DATASET RECORDS section start

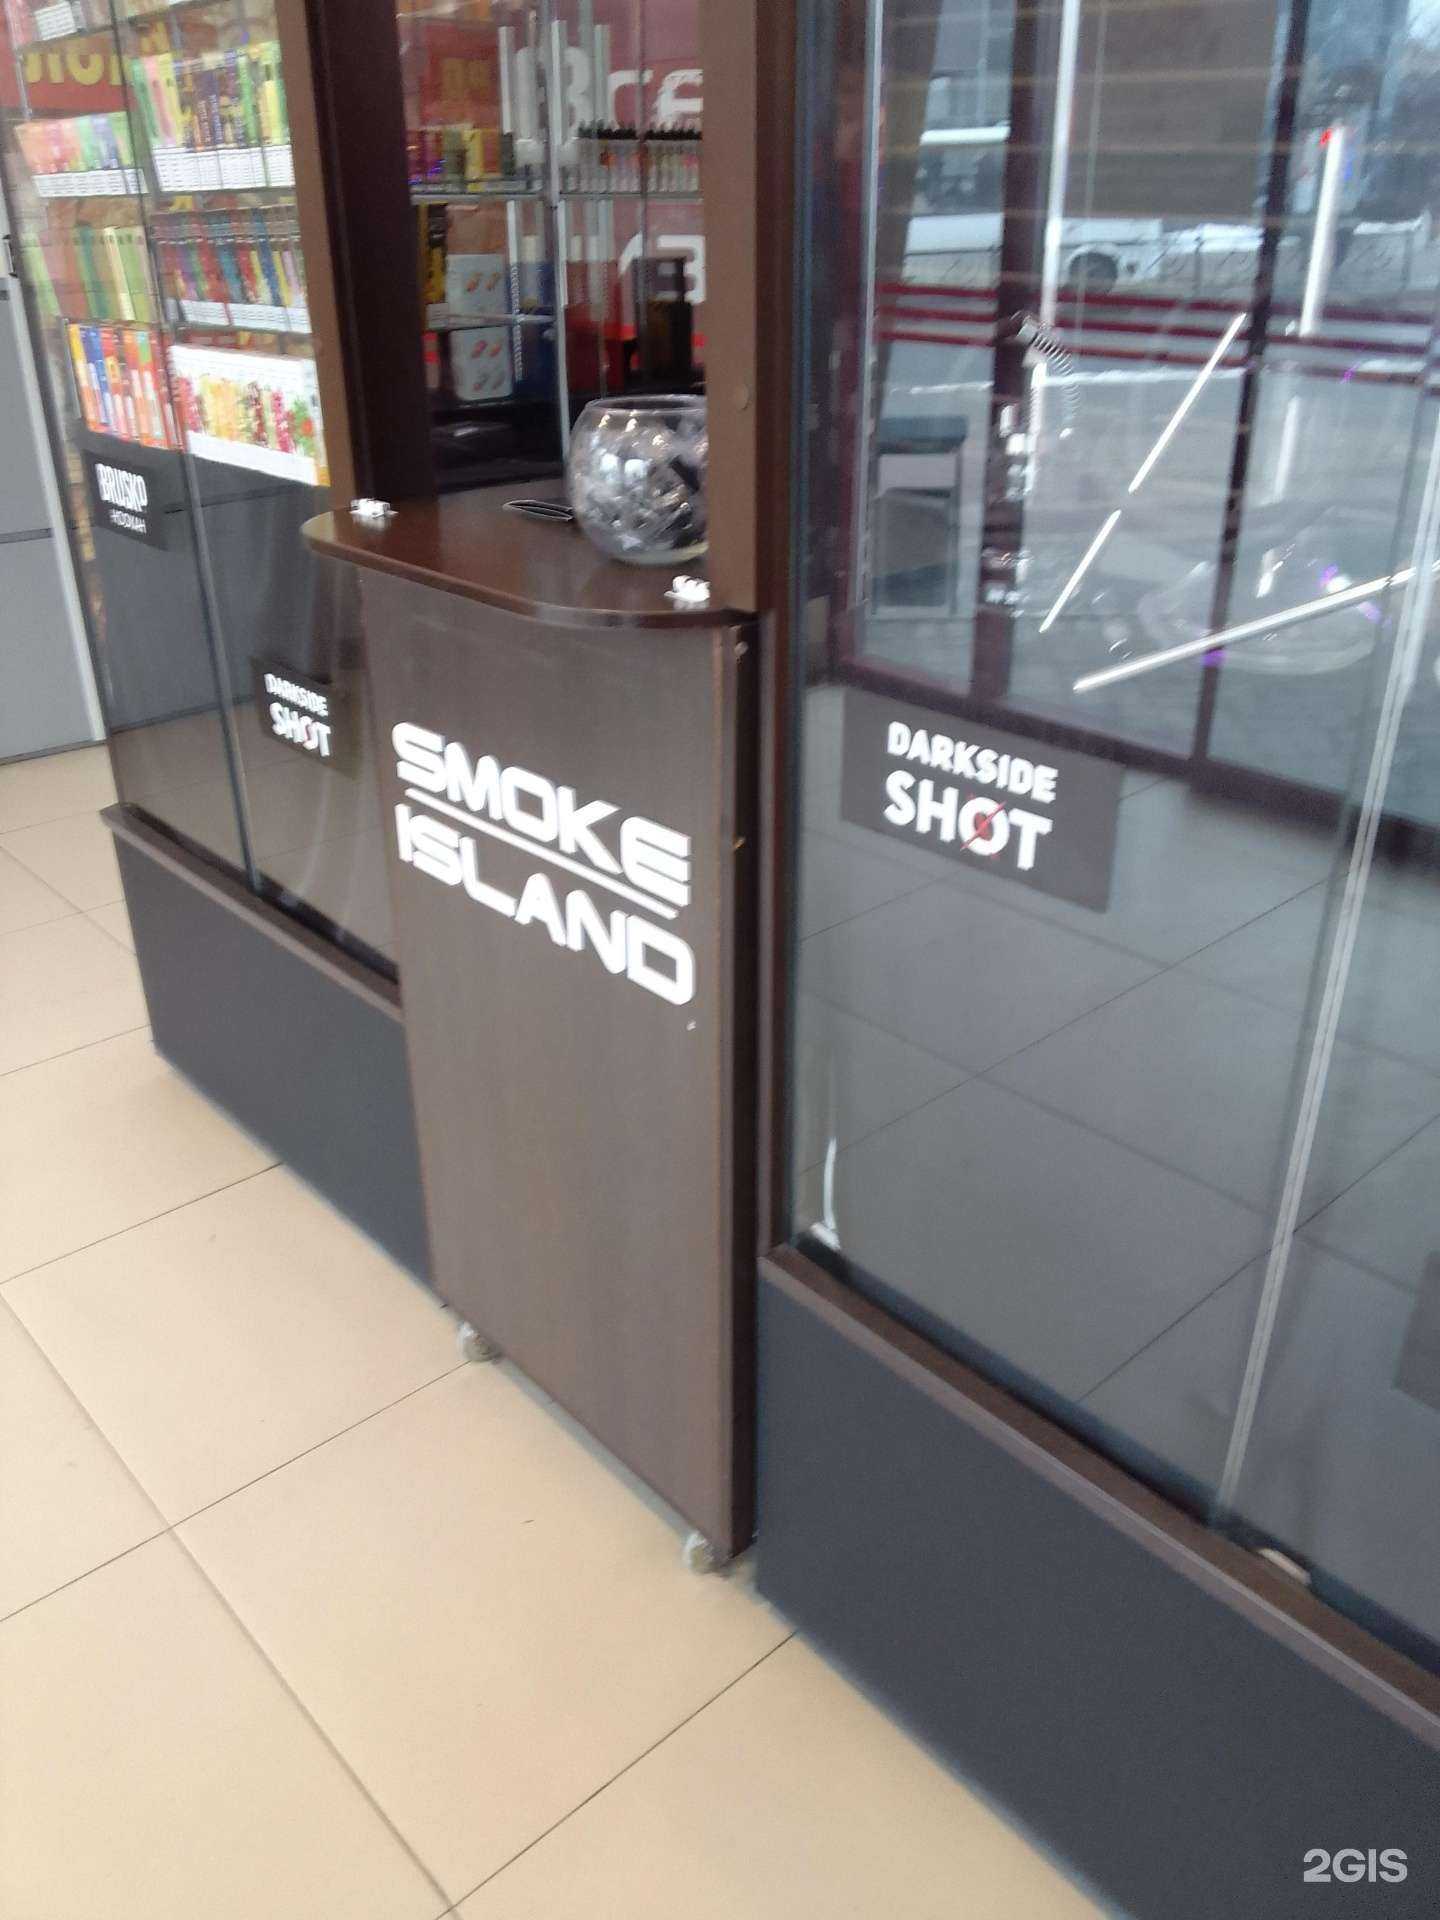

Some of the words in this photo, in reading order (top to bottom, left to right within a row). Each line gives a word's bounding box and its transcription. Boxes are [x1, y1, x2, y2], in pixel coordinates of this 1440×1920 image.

[95, 463, 148, 512] BRUSKO
[269, 702, 331, 757] SHOT
[887, 721, 1058, 804] DARKSIDE
[392, 722, 691, 907] SMOKE
[883, 769, 1053, 871] SHOT
[394, 803, 696, 1005] ISLAND
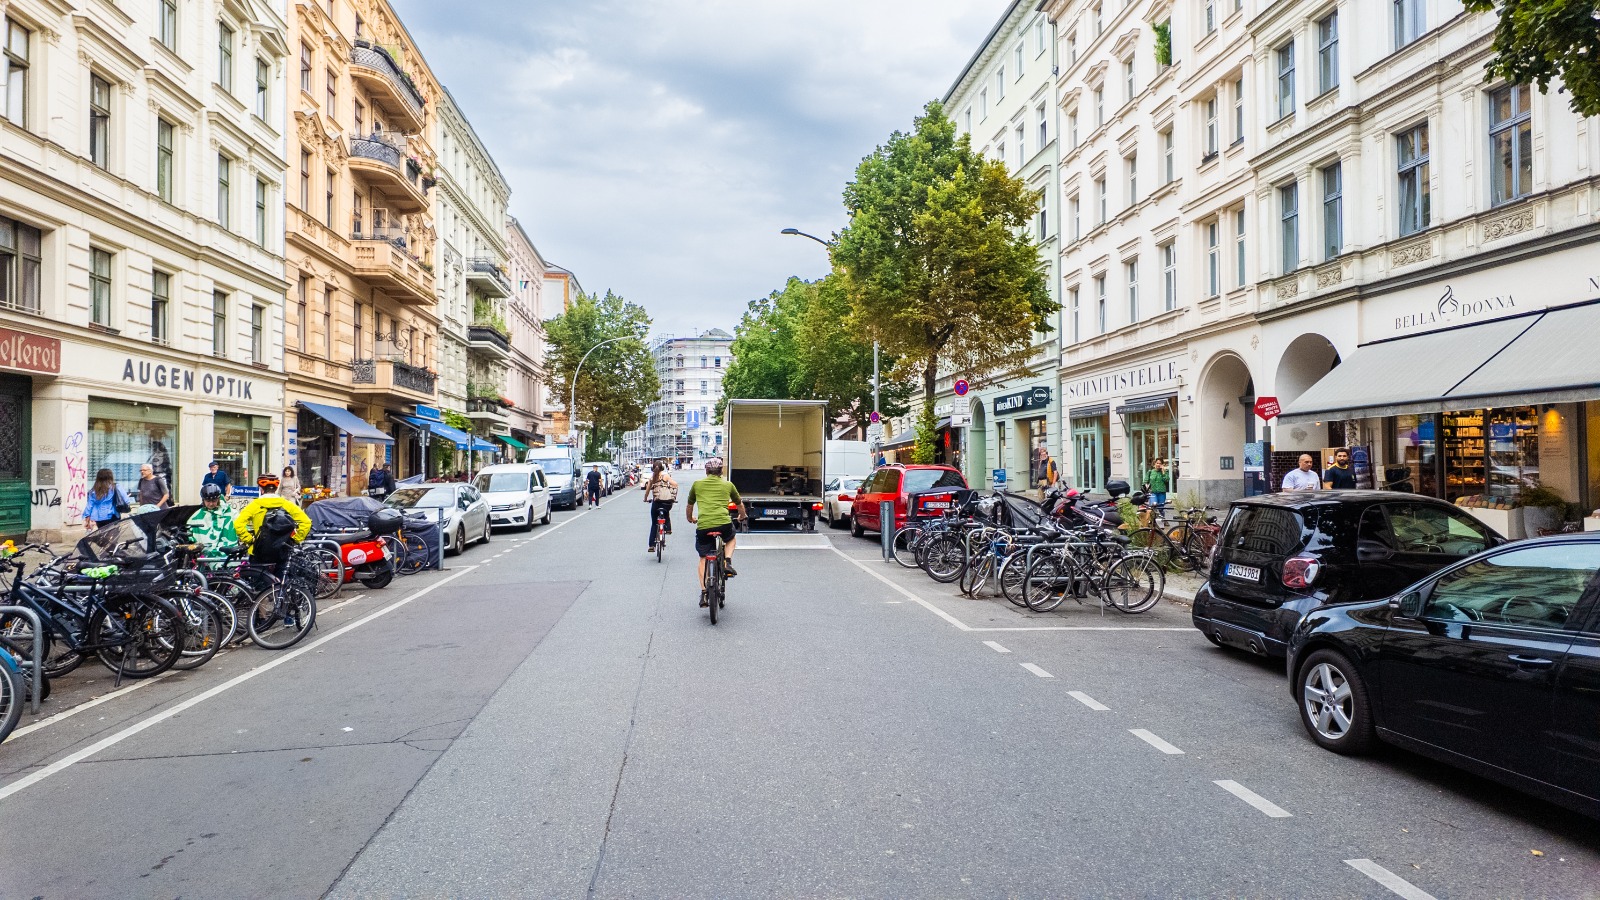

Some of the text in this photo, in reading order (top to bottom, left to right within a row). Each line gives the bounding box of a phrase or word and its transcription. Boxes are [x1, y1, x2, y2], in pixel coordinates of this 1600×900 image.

[1395, 294, 1516, 330] BELLA DONNA
[122, 358, 253, 400] AUGEN OPTIK
[1069, 361, 1177, 398] SCHNITTSTELLE

DATASET RECORDS section end

TASK TO CARRY OUT
Produce an exact copy of each line of data, skipping embedded images.

WRITTEN SOLUTION
Some of the words in this photo, in reading order (top to bottom, left to right within a row). Each line gives a word's bounding box and its transcription. Boxes are [x1, y1, x2, y2], in pixel coordinates of this 1440×1920 image.

[95, 463, 148, 512] BRUSKO
[269, 702, 331, 757] SHOT
[887, 721, 1058, 804] DARKSIDE
[392, 722, 691, 907] SMOKE
[883, 769, 1053, 871] SHOT
[394, 803, 696, 1005] ISLAND

Some of the text in this photo, in reading order (top to bottom, left to right within a row). Each line gives the bounding box of a phrase or word and its transcription. Boxes are [x1, y1, x2, y2], in pixel coordinates of this 1600×900 image.

[1395, 294, 1516, 330] BELLA DONNA
[122, 358, 253, 400] AUGEN OPTIK
[1069, 361, 1177, 398] SCHNITTSTELLE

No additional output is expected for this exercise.